Task item:
The lines to be set down run from the line containing "this 1920×1440 image." through the final line of the data below; print them exactly and print nothing else.

[Source data]
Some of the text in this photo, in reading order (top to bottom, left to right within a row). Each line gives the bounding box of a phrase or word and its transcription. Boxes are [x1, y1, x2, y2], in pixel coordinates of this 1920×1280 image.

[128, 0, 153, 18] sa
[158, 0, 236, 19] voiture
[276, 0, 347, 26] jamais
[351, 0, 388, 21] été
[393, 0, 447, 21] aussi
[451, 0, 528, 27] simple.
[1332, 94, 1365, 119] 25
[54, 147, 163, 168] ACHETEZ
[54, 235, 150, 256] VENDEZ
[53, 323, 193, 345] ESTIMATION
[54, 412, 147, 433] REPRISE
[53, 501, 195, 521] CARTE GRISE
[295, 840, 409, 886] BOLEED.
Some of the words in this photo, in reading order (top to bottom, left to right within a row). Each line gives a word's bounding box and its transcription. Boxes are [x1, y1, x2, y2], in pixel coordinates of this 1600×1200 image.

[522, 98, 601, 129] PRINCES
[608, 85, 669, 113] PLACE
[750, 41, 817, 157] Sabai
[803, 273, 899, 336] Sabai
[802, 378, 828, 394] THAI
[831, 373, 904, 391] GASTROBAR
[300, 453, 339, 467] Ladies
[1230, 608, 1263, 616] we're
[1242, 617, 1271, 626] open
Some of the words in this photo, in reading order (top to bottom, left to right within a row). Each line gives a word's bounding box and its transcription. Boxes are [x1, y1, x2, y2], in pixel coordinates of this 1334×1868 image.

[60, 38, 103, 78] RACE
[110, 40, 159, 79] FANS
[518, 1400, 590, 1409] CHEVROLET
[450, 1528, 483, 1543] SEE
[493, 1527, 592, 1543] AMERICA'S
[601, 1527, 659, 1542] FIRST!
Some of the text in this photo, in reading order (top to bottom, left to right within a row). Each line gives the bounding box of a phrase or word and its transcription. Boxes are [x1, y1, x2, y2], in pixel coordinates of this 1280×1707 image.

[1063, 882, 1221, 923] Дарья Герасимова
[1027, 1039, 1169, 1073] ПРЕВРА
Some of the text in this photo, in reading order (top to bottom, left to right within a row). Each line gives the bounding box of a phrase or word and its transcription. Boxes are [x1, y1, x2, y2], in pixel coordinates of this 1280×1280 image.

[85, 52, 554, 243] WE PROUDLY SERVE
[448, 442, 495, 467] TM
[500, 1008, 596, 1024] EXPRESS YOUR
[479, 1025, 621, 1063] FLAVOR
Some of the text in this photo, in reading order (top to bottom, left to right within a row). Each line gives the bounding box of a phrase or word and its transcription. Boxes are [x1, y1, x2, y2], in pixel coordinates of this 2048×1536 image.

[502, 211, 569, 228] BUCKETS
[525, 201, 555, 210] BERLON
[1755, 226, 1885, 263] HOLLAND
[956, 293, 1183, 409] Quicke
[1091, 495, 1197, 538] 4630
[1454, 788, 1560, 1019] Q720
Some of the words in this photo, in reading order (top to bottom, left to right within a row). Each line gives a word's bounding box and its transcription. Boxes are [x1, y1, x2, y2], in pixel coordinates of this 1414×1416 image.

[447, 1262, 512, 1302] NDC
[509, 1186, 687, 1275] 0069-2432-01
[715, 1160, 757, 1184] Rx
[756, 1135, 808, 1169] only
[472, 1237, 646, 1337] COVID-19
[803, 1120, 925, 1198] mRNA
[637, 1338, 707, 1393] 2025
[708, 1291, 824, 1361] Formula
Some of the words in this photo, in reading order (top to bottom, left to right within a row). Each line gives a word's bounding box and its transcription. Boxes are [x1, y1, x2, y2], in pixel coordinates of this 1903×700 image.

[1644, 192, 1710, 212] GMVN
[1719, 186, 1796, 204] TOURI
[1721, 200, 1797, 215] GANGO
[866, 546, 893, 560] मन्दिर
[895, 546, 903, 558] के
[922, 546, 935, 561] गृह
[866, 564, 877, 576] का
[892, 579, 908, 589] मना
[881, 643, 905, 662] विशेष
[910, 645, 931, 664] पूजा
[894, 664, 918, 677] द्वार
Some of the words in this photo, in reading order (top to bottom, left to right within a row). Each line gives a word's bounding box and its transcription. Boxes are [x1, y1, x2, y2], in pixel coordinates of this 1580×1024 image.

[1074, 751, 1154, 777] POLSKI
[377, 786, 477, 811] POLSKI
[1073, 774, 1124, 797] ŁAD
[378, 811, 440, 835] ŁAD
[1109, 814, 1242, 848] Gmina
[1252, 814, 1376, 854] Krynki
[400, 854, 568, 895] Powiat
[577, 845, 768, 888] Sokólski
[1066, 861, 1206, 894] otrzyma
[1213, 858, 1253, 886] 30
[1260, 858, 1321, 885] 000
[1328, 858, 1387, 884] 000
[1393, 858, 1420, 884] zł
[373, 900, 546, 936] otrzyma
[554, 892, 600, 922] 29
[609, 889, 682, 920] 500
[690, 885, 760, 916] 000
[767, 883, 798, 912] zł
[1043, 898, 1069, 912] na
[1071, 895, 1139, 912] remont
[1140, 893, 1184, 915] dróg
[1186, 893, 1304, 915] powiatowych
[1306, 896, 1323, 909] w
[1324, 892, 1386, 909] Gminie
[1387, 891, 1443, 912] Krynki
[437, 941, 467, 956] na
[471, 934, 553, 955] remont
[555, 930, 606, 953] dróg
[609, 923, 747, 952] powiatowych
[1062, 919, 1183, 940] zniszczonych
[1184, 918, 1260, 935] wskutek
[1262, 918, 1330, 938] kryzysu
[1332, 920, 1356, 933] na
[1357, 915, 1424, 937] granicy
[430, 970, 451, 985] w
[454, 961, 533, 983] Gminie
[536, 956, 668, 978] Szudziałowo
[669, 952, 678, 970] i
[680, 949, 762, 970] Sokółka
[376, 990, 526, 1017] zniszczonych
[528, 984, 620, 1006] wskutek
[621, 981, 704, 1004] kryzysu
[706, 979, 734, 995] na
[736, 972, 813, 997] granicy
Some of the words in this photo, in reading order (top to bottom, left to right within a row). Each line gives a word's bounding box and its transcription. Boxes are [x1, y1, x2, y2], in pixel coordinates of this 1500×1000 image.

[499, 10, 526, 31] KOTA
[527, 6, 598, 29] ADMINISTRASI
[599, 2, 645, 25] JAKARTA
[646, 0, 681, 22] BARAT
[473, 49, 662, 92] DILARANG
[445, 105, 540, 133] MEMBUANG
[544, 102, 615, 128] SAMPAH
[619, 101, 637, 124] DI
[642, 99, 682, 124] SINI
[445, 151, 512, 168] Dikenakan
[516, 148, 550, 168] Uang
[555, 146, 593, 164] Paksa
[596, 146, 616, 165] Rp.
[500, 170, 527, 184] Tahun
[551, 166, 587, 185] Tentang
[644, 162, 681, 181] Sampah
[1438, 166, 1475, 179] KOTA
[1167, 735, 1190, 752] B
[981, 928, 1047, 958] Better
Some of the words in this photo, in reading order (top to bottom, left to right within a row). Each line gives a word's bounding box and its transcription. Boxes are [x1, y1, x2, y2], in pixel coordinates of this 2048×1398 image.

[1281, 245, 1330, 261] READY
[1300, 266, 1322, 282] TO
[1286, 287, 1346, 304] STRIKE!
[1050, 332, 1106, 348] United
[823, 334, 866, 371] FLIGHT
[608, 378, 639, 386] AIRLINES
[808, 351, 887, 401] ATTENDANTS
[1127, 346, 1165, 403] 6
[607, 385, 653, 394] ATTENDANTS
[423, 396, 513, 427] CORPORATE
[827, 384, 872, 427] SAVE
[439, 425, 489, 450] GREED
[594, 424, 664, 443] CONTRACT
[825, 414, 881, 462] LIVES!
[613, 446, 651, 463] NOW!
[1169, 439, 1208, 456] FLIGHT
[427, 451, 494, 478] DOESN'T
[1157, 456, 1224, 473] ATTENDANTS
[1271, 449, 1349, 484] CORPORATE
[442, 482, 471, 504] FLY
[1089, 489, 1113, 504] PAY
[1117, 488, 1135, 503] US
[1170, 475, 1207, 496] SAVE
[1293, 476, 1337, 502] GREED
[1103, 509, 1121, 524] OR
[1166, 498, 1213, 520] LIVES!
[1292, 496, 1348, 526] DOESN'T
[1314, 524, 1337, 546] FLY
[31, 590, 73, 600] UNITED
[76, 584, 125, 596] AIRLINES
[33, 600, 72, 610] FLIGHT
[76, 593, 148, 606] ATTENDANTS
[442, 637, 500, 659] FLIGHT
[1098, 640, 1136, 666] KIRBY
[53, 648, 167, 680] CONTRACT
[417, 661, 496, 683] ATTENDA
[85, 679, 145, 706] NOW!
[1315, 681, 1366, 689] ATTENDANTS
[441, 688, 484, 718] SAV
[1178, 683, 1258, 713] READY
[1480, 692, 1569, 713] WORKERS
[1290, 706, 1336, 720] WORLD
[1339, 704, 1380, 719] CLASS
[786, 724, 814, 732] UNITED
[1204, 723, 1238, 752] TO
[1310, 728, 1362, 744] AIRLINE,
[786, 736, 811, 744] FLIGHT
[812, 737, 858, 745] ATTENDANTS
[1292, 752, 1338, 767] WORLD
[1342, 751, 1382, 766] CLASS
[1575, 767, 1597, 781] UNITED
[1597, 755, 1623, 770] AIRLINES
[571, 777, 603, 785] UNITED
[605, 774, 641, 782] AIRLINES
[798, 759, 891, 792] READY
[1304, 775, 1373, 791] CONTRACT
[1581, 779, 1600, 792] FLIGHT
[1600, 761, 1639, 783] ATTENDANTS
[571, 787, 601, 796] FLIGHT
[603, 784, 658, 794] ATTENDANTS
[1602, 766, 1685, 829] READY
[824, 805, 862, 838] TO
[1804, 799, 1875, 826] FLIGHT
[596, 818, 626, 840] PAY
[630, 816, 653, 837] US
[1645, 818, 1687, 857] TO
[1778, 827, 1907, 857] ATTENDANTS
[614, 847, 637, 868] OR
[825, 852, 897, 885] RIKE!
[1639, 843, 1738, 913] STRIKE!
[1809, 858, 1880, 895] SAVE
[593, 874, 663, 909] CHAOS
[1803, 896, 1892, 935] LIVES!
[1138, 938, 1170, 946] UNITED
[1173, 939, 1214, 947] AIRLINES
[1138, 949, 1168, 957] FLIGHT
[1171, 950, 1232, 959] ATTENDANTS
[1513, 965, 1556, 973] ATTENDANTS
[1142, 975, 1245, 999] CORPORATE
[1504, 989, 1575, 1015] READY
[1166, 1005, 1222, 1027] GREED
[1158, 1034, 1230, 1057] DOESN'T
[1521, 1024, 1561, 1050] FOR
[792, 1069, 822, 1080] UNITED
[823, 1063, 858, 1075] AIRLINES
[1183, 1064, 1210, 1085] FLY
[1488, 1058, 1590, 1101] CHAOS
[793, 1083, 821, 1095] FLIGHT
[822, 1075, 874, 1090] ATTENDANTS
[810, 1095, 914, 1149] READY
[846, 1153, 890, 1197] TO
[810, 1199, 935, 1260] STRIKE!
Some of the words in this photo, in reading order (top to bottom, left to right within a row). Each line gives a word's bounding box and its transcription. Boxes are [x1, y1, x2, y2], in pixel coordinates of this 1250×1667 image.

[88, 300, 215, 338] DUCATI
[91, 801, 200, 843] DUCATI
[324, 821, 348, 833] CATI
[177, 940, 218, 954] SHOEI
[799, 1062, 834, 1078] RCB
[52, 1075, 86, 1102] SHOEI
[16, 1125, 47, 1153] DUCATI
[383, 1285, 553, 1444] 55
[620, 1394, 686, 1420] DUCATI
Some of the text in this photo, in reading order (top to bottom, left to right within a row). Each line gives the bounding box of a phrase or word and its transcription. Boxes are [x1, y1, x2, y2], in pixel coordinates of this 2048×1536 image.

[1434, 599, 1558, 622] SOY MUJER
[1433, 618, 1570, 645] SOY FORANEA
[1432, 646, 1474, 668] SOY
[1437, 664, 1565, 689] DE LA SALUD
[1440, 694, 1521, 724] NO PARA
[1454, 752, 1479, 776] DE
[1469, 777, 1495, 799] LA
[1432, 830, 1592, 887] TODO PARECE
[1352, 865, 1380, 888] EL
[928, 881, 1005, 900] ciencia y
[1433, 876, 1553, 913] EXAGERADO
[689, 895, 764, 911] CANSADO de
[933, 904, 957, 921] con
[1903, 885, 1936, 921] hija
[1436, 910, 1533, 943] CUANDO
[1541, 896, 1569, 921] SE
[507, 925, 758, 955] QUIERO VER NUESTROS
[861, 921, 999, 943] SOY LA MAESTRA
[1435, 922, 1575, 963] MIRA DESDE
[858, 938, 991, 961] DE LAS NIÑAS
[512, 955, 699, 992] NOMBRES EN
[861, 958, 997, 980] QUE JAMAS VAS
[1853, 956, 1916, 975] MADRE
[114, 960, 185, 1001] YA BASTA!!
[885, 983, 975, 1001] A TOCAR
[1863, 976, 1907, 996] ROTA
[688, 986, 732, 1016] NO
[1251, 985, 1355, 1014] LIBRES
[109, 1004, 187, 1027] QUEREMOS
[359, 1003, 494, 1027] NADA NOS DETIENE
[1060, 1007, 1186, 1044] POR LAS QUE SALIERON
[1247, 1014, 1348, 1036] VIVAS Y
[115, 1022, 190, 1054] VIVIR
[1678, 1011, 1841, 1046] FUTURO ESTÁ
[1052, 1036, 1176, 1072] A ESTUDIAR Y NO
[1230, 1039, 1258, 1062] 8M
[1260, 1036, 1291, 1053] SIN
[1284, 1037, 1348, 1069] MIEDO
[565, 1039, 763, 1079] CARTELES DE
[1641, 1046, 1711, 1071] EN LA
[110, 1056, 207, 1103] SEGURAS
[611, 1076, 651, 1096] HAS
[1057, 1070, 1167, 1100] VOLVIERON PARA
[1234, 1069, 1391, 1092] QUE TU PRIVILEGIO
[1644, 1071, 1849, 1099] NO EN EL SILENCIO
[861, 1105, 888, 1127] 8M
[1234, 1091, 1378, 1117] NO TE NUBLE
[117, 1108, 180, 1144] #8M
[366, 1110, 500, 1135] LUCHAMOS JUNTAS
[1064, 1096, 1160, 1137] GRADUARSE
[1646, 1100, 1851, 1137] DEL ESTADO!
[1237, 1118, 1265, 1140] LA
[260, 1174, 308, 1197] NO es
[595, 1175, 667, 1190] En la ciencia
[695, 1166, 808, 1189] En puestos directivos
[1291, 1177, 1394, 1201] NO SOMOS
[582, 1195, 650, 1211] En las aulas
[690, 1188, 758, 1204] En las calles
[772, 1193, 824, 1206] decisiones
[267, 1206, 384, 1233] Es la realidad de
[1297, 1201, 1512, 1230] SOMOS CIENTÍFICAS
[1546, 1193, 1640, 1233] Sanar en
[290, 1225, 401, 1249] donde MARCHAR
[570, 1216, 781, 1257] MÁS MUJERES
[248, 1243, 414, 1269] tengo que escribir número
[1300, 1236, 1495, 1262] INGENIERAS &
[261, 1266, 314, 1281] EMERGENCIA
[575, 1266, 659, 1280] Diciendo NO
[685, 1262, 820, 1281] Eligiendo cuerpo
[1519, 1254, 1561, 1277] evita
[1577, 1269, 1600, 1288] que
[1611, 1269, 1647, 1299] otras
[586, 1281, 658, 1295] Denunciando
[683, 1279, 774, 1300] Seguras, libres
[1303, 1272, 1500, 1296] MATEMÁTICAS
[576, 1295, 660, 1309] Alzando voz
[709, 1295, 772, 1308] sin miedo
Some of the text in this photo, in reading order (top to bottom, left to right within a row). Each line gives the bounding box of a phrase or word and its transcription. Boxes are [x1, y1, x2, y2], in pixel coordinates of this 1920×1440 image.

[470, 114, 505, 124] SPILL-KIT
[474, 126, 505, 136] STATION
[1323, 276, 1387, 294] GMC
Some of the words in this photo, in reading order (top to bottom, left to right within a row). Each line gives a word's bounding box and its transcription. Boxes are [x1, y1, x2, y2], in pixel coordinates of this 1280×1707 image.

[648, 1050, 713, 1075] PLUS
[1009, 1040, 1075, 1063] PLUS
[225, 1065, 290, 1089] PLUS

Response to this task:
Some of the text in this photo, in reading order (top to bottom, left to right within a row). Each line gives the bounding box of a phrase or word and its transcription. Boxes are [x1, y1, x2, y2], in pixel coordinates of this 1920×1440 image.

[470, 114, 505, 124] SPILL-KIT
[474, 126, 505, 136] STATION
[1323, 276, 1387, 294] GMC
Some of the words in this photo, in reading order (top to bottom, left to right within a row). Each line gives a word's bounding box and its transcription. Boxes are [x1, y1, x2, y2], in pixel coordinates of this 1280×1707 image.

[648, 1050, 713, 1075] PLUS
[1009, 1040, 1075, 1063] PLUS
[225, 1065, 290, 1089] PLUS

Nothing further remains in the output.